No Brasil, a adesão às tendências acontece de forma intensa. Não à toa memes sobre Labubu, pistache, morango do amor e bobbie goods encheram as redes sociais. Até com a criação de uma música, que cita todas essas tendências, que no dia 17 de setembro de 2025 contava com 26 mil vídeos publicados com ela no TikTok.

A tendência das redes sociais influenciou o consumo de livros de colorir conhecidos por “Bobbie Goods”. Imagem: Helena Fuzineli.
A tendência das redes sociais influenciou o consumo de livros de colorir conhecidos por “Bobbie Goods”. Imagem: Helena Fuzineli.

As tendências não afetam apenas os adultos, alcançando às crianças, ainda que a plataforma tenha limite de idade de no mínimo 13 anos para a inscrição. Segundo o levantamento TIC Kids Online Brasil realizado em 2023 pelo Centro Regional de Estudos para o Desenvolvimento da Sociedade da Informação (Cetic.br), essa plataforma é a mais utilizada entre as crianças e adolescentes de 9 a 17 anos no Brasil.

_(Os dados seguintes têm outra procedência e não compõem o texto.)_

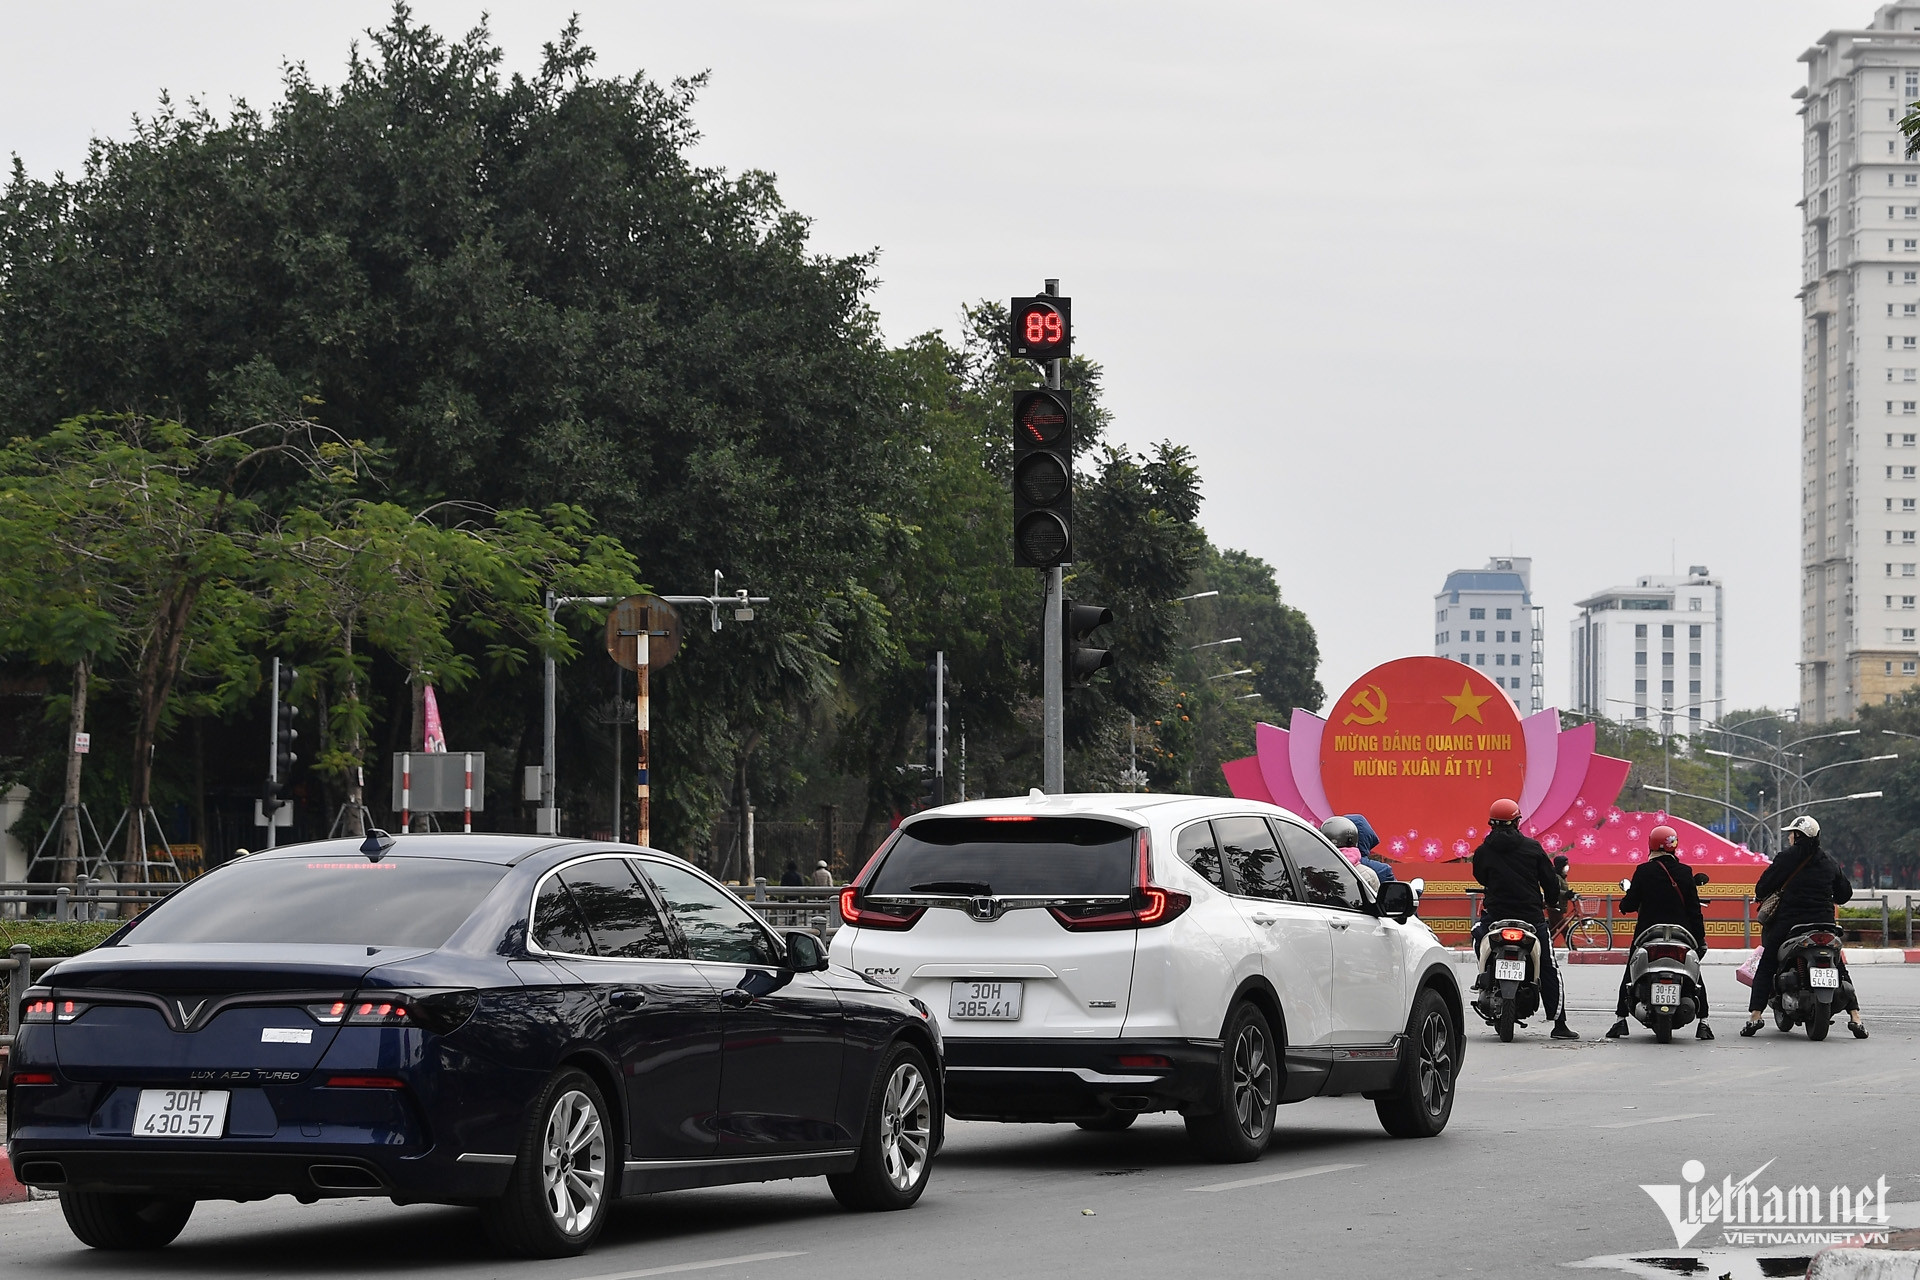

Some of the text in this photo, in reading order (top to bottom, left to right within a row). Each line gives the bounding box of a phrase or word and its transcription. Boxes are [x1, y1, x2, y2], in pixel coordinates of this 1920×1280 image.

[1027, 312, 1061, 342] 89
[1334, 730, 1512, 753] MỪNG ĐẢNG QUANG VINH
[1353, 757, 1397, 776] MỪNG
[1401, 756, 1441, 776] XUÂN
[1444, 754, 1463, 776] ẤT
[1466, 759, 1482, 779] TỴ
[864, 967, 900, 975] CR-V
[970, 983, 1001, 999] 30H
[1655, 985, 1677, 995] 30-F2
[1655, 995, 1677, 1004] 8505
[956, 1001, 1011, 1017] 385.41
[191, 1071, 216, 1080] LUX
[257, 1071, 300, 1080] TURBO
[163, 1091, 203, 1112] 30H
[143, 1113, 215, 1135] 430.57

Mãe de uma criança de 9 anos, Daniely Santos, 39, consumiu diversos itens que estavam em tendências nas redes sociais como morango do amor, capivara de pelúcia, copo Stanley, Bobbie Goods, Pop It, fone de ouvido de gatinho, entre outros. “Eu noto que é aquela questão momentânea da novidade. Passou o tempo da novidade, vem a perda de interesse”, conta. A influência, além de vir dos amigos da escola, também vem dos youtubers de conteúdo infantil assistidos pela filha.